The mean (shown as the solid lines) and standard deviations
(σ, shown as the shaded area) for the downscaled final land type (FLT)
areas when propagating the parameter uncertainties into the GCAM-projected
land use and land cover change downscaling in the 21st century. The black and
red colors represent using the top 5 % and 10 % parameters,
respectively.
Discussion
To date, there have been only a handful of methods for downscaling projected
global land use and land cover change. For example, Hoskins et al. (2016)
fitted a statistical model relating coarse-scaled spatial patterns in land
cover classes to finer-scaled land cover and other explaining variables. Many
more studies have used a complex land use modeling approach (e.g., Houet et al.,
2017; Hoskins et al., 2016; Meiyappan et al., 2014; Hurtt et al., 2011; Souty
et al., 2012) that combines a variety of socioeconomic processes to provide
global-scale land use allocations. Our results demonstrated that Demeter is
an effective tool for downscaling global land use and land cover change,
although it adapts a relatively simpler approach. However, choices of
parameter values are critically important for a simple model, since it is
possible that some complicated processes are simplified and represented by
a single parameter. Although an uncalibrated Demeter can lead to noticeable
errors and uncertainties in downscaled land cover areas, our results have
shown the effectiveness of the calibration efforts in minimizing
downscaling errors and constraining uncertainties.
A central purpose of our study is to make suggestions for setting up
parameters for Demeter's global applications, shown as the global optimal
values in Fig. 2. Interestingly, we found that the parameters of
intensification ratio (r) and selection threshold (τ) strongly
affected the downscaled results, while the weights of the spatial constraints
and kernel radius showed small impacts on the results. This indicates
that the selected spatial constraints (soil workability and nutrient
availability) and spatial autocorrelation (measured by kernel density)

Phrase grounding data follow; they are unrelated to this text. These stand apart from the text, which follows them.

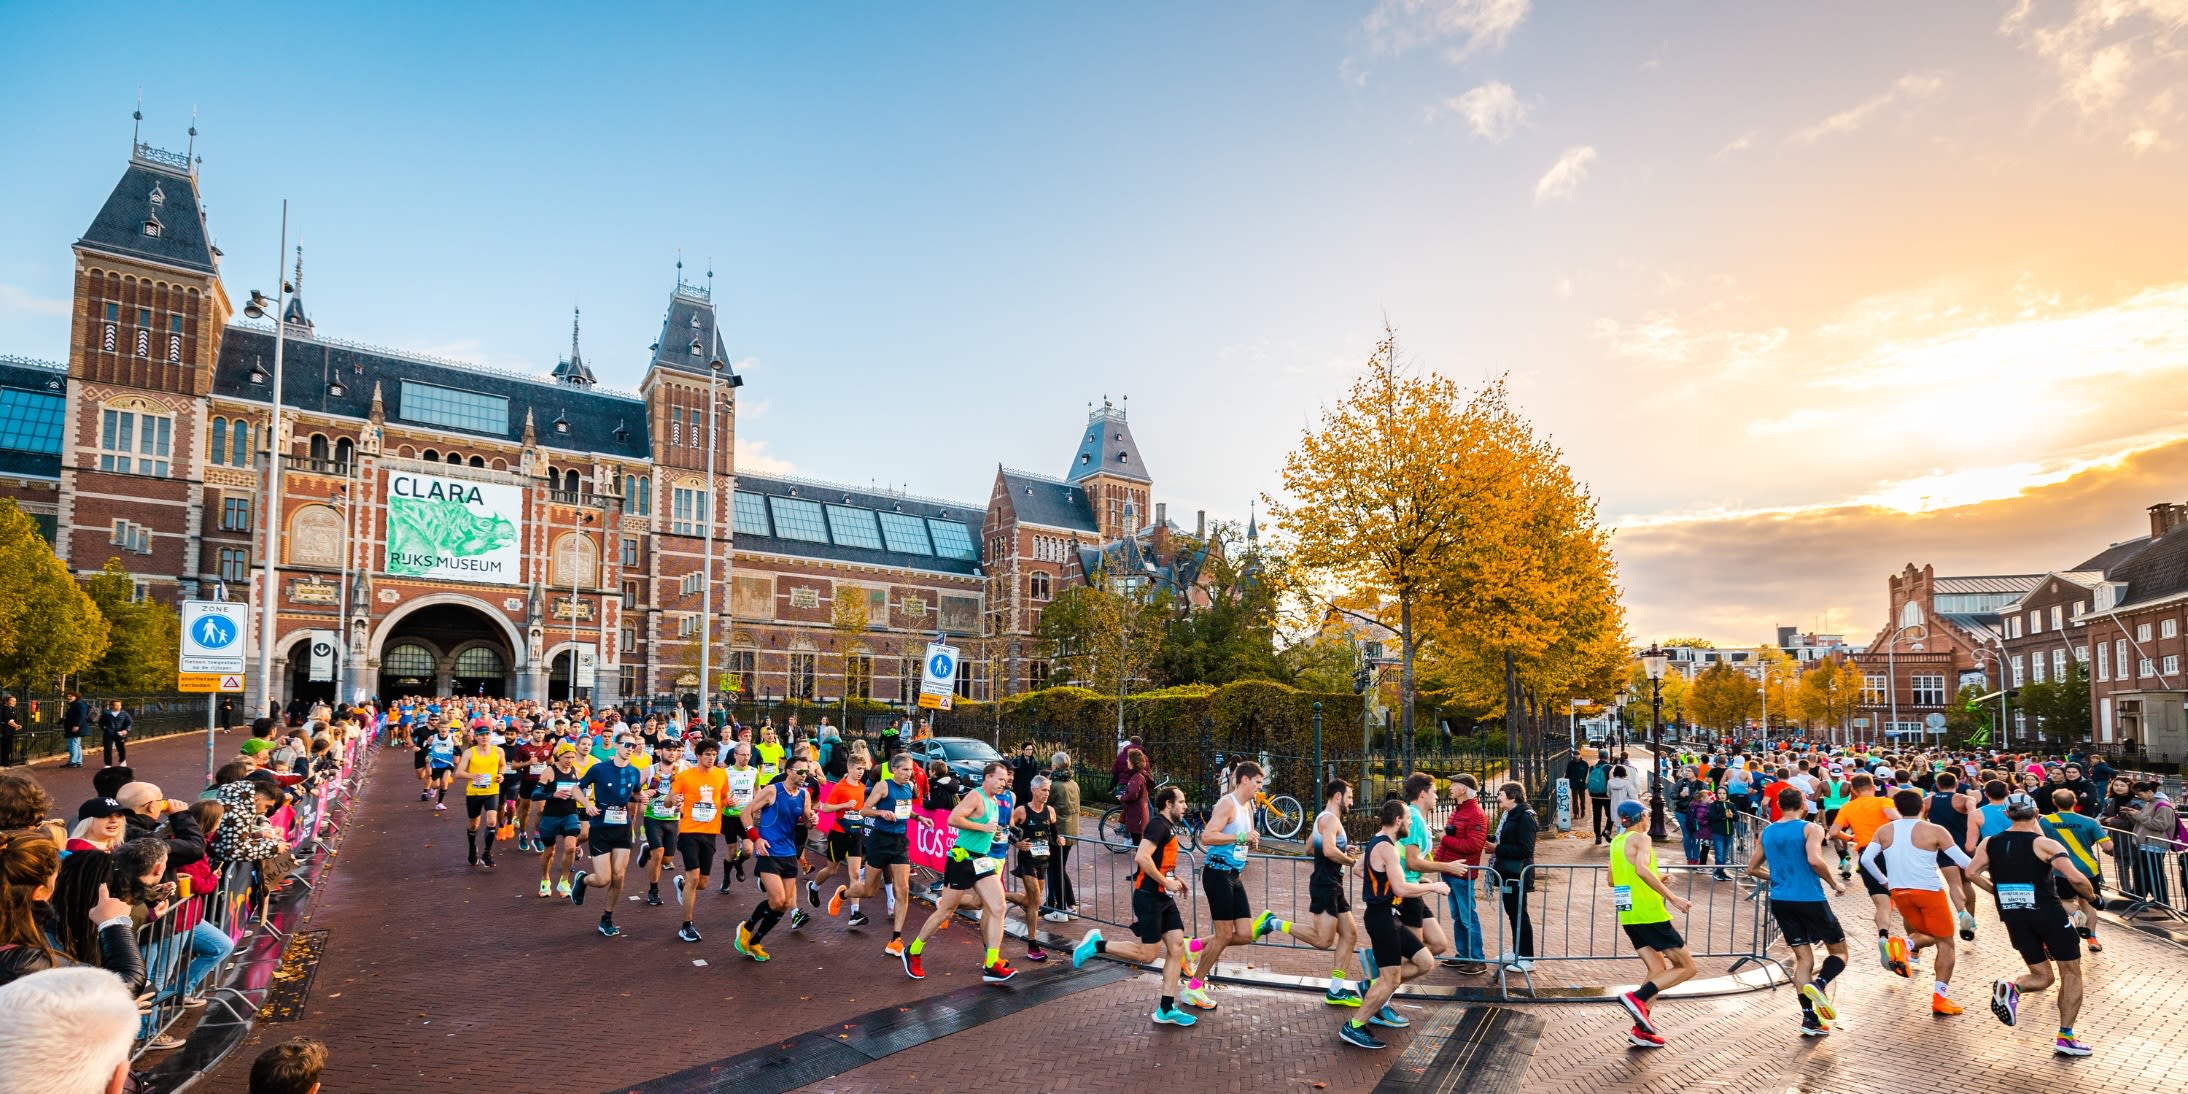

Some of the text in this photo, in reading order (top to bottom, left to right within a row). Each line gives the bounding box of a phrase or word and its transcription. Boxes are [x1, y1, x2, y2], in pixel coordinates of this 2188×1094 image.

[394, 476, 484, 506] CLARA
[436, 556, 503, 573] MUSEUM
[201, 605, 230, 613] ZONE
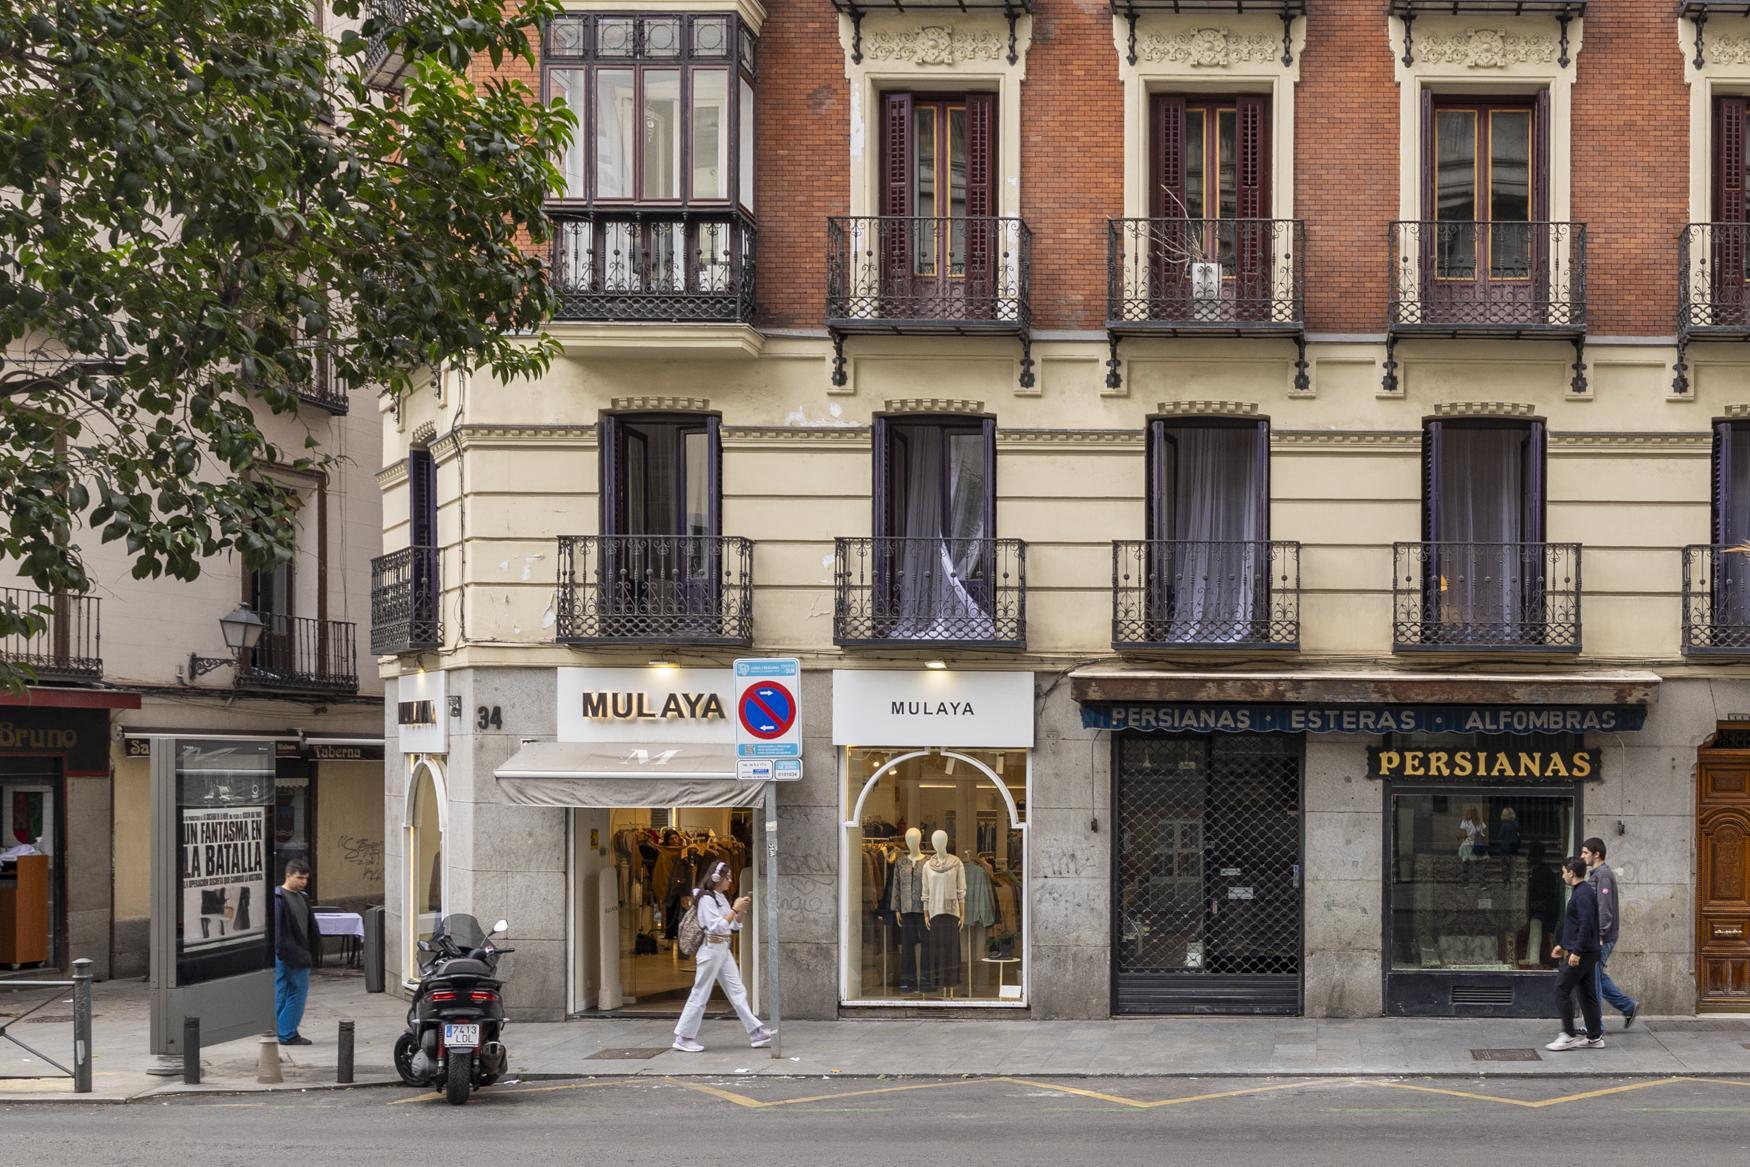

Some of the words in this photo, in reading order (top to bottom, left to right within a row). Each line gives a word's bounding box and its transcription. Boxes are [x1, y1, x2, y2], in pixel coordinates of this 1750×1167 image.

[582, 692, 726, 719] MULAYA
[891, 701, 975, 715] MULAYA
[478, 706, 502, 730] 34
[1112, 707, 1250, 728] PERSIANAS
[1291, 709, 1416, 730] ESTERAS
[1465, 710, 1617, 730] ALFOMBRAS
[0, 722, 77, 748] Bruno
[313, 745, 361, 758] Taberna
[1379, 751, 1592, 776] PERSIANAS
[184, 822, 198, 844] UN
[201, 821, 249, 843] FANTASMA
[252, 819, 262, 841] EN
[184, 845, 201, 879] LA
[206, 842, 262, 876] BATALLA
[453, 1026, 477, 1035] 7413

provide loose constraints on land allocation in the downscaling process,
and therefore users should focus more on the quality of other parameters such
as r and τ to which the model is more sensitive. In addition, the
intensification ratio has been strictly constrained to a range close to 1.0,
suggesting that the intensification of land cover, especially cropland, may
be the major contributor to global land use and land cover change; thus,
spatial constraints on extensification are not very effective. We also
noticed that the optimal weight for soil nutrient availability for
calculating the suitability indices is zero (Fig. 2). A
possible reason is that soil nutrient availability has a similar spatial
distribution as cropland in CCI-LC data, thus providing little additional
information on constraining the downscaling processes (Fig. S10). This result
suggests that users could ignore the input of soil nutrient availability
if it is not available or difficult to collect, and the quantification of the
downscaling uncertainty is not required.
There have been a number of numerical methods for model calibration, such as
gradient methods (Ypma, 1995), evolutionary algorithms (Ashlock, 2006), and
data assimilation techniques (Kalnay, 2002). Our calibration method is
relatively simpler, and the sampling steps are relatively coarse. As a
result, it is possible that the calibrated parameters can be further improved
with a more rigorous calibration strategy, although these biases should be
small since the sampling bins are narrow and the sensitive parameters are
well constrained (Fig. 2). However, our method has a few advantages for this
particular global land use and land cover change downscaling model
calibration problem. First, we sampled the whole parameter space, and thus our
Monte Carlo downscaling experiments can represent the parameter
uncertainties well. Second, the other methods mentioned above typically adjust
model parameters and run the model iteratively to find the parameters to hit
the local or global minimum cost function value (Chong and Zak, 2013);
this can be very time-consuming due to the size of the datasets and the
difficulty of algorithm parallelization. The Monte Carlo ensemble runs of
Demeter in our method can be easily parallelized, and it is thus computationally
efficient. Finally, the saved downscaled results from the global Monte Carlo
downscaling experiment can be reused for regional applications. Our study
provided an optimal set of Demeter parameters. It is worth noting that these
parameters are optimized to minimize the average discrepancies between the
downscaled and historically observed land cover areas at the global scale,
and
they may thus need to be recalibrated when Demeter is applied to a particular
region. For example, the best estimate of the intensification ratio is 1 for
a global downscaling experiment, probably due to the fact that intensification is a
more common phenomenon than extensification for land use and land
cover change in the past 2 decades as recorded by the CCI-LC data.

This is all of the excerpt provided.